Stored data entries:
-=-=-=-=-

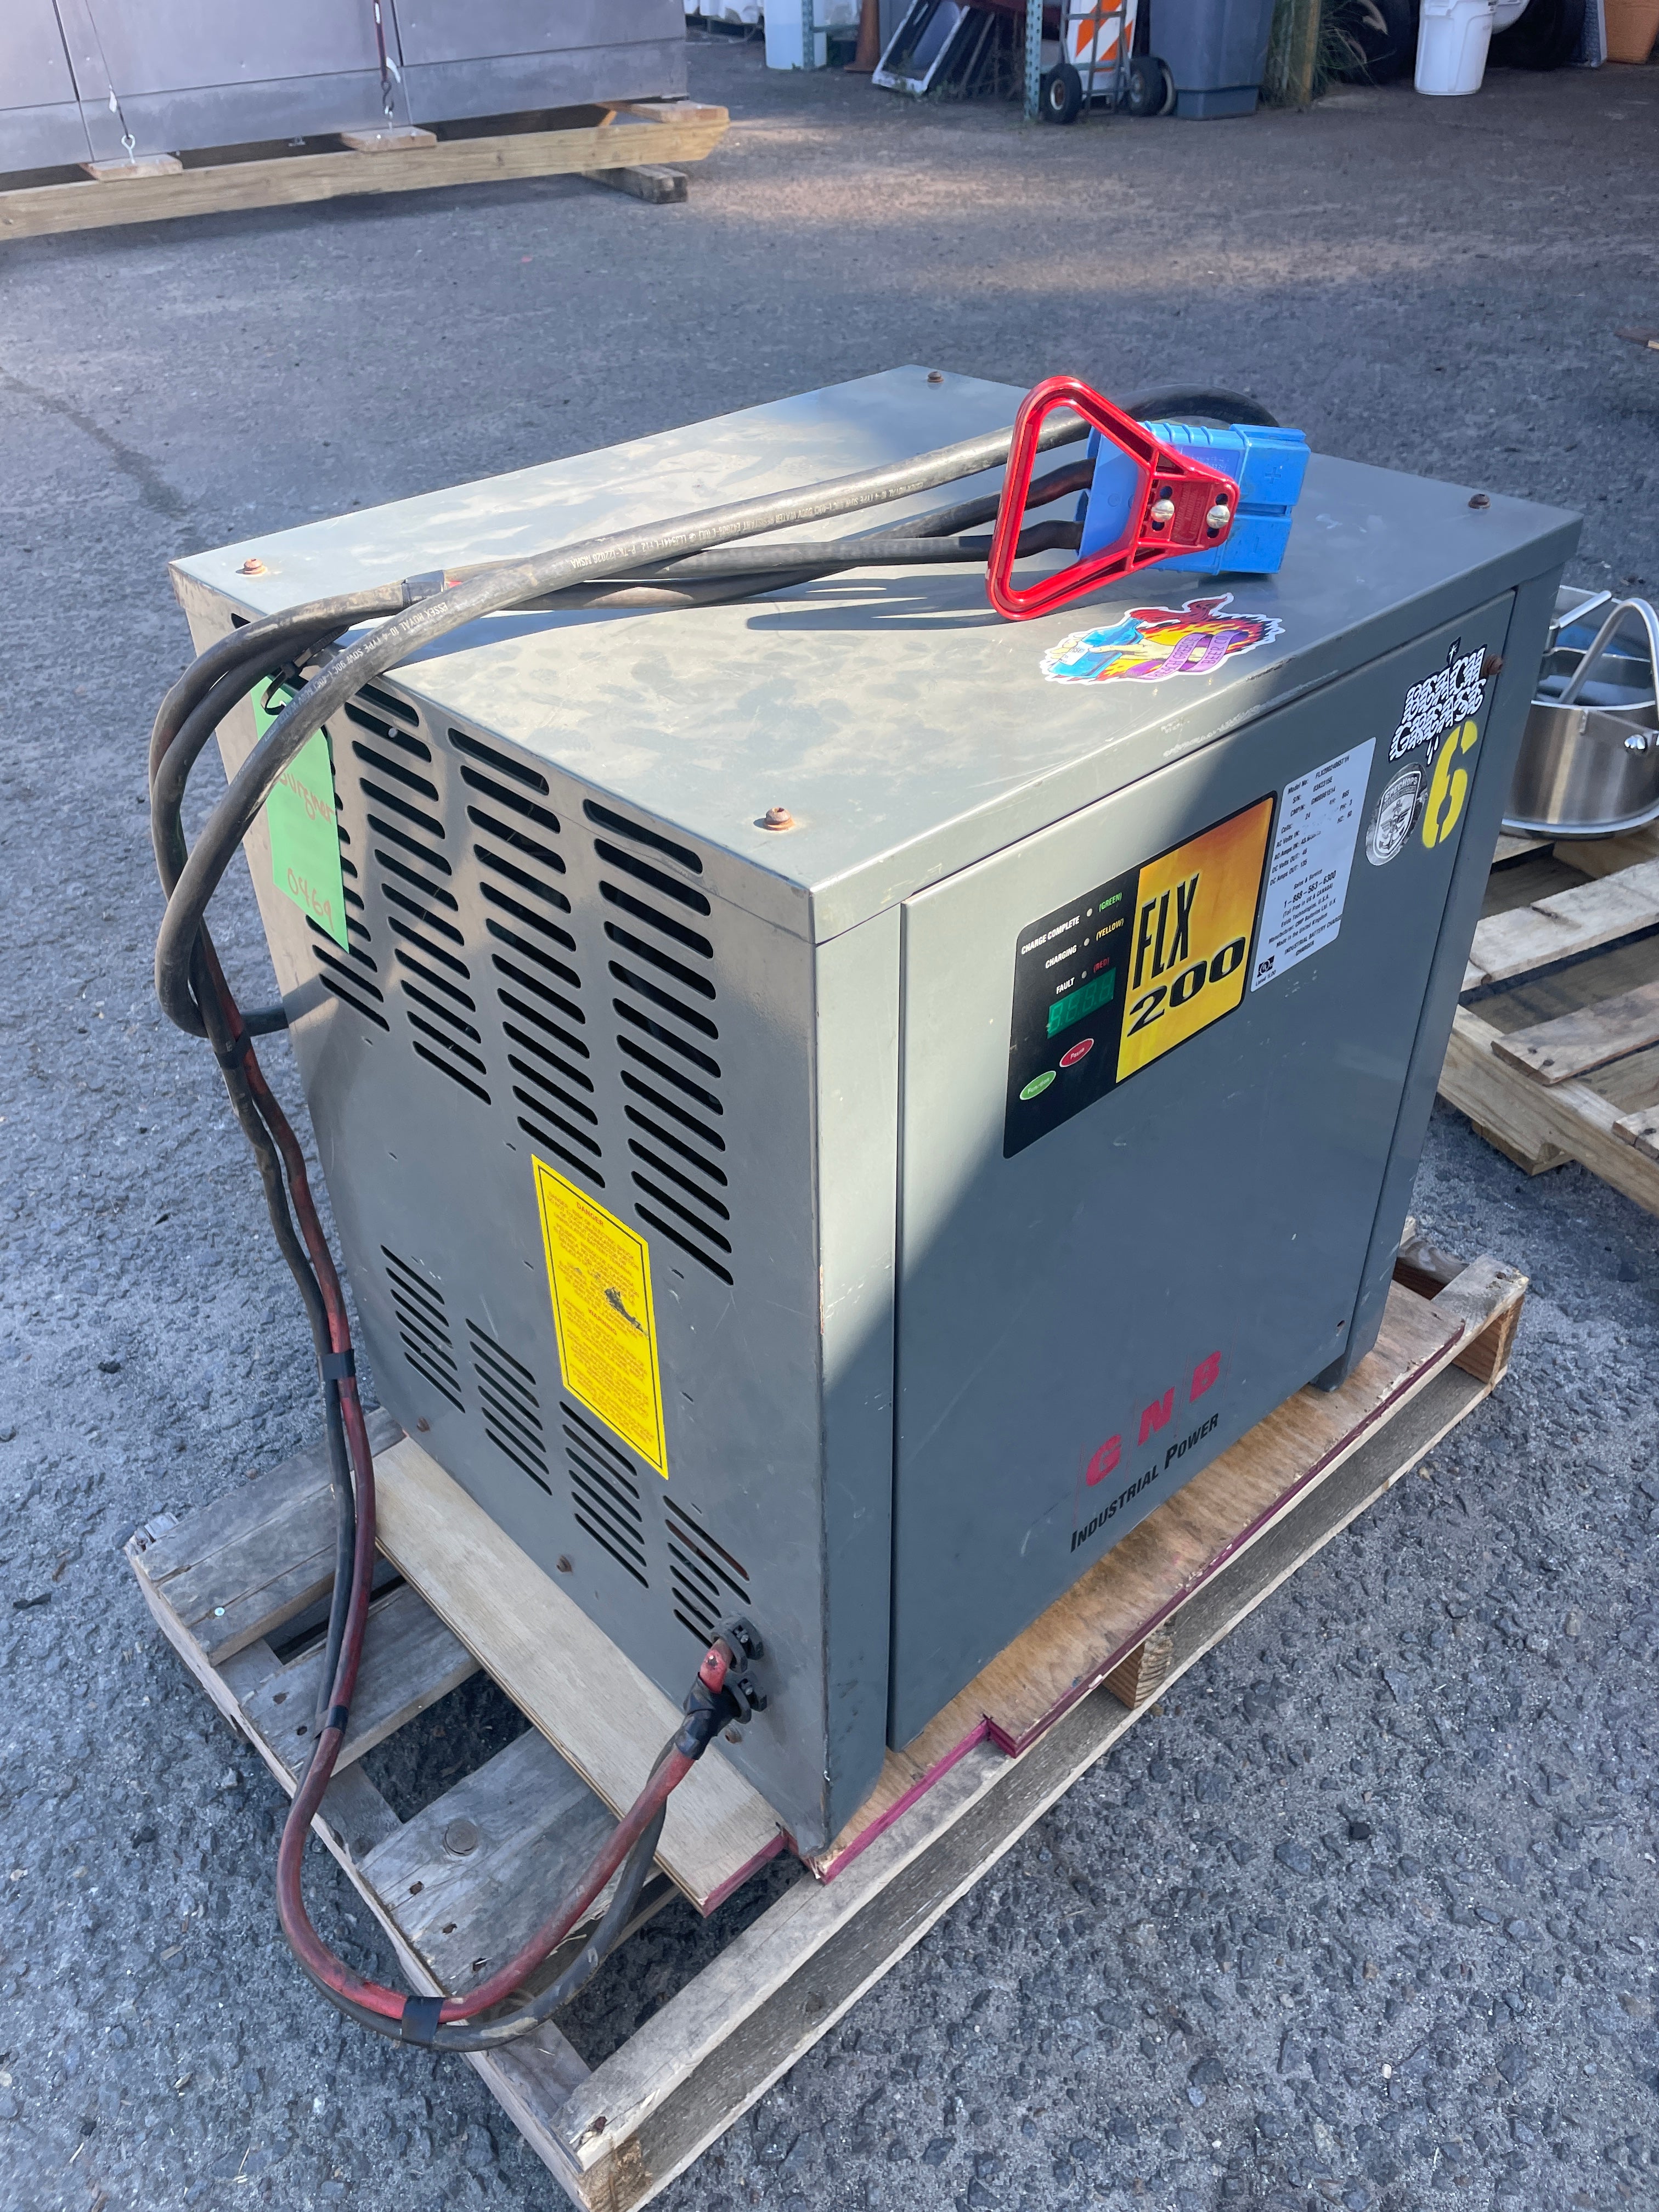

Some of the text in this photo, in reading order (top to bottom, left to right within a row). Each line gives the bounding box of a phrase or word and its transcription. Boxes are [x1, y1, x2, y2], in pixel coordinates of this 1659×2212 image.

[569, 555, 591, 568] MSHA
[399, 613, 423, 628] ROYAL
[425, 601, 448, 618] ESSEX
[364, 637, 381, 650] TYPE
[1201, 636, 1229, 664] BEER CO
[1147, 637, 1199, 678] BEACH GREASE
[1402, 647, 1486, 723] BEACH
[1389, 679, 1487, 761] GREASE
[1288, 783, 1301, 794] Model
[1421, 720, 1478, 849] 6
[1099, 892, 1122, 912] (GREEN)
[1021, 916, 1080, 955] CHARGE COMPLETE
[1096, 918, 1124, 941] (YELLOW)
[1133, 872, 1200, 990] FLX
[1309, 924, 1326, 939] BATTERY
[1277, 938, 1287, 947] Made
[1045, 945, 1077, 968] CHARGING
[1093, 957, 1110, 973] (RED)
[1056, 977, 1075, 995] FAULT
[1127, 936, 1246, 1037] 200
[575, 1200, 604, 1228] DANGER
[588, 1306, 617, 1336] WARNING
[1086, 1351, 1222, 1487] GNB
[1070, 1413, 1219, 1553] INDUSTRIAL POWER

-=-=-=-=-

Output the records above verbatim. Pictures stay out.

> _Answer box_:
Some of the text in this photo, in reading order (top to bottom, left to right within a row). Each line gives the bounding box of a phrase or word and its transcription. Boxes are [x1, y1, x2, y2], in pixel coordinates of this 1659×2212 image.

[569, 555, 591, 568] MSHA
[399, 613, 423, 628] ROYAL
[425, 601, 448, 618] ESSEX
[364, 637, 381, 650] TYPE
[1201, 636, 1229, 664] BEER CO
[1147, 637, 1199, 678] BEACH GREASE
[1402, 647, 1486, 723] BEACH
[1389, 679, 1487, 761] GREASE
[1288, 783, 1301, 794] Model
[1421, 720, 1478, 849] 6
[1099, 892, 1122, 912] (GREEN)
[1021, 916, 1080, 955] CHARGE COMPLETE
[1096, 918, 1124, 941] (YELLOW)
[1133, 872, 1200, 990] FLX
[1309, 924, 1326, 939] BATTERY
[1277, 938, 1287, 947] Made
[1045, 945, 1077, 968] CHARGING
[1093, 957, 1110, 973] (RED)
[1056, 977, 1075, 995] FAULT
[1127, 936, 1246, 1037] 200
[575, 1200, 604, 1228] DANGER
[588, 1306, 617, 1336] WARNING
[1086, 1351, 1222, 1487] GNB
[1070, 1413, 1219, 1553] INDUSTRIAL POWER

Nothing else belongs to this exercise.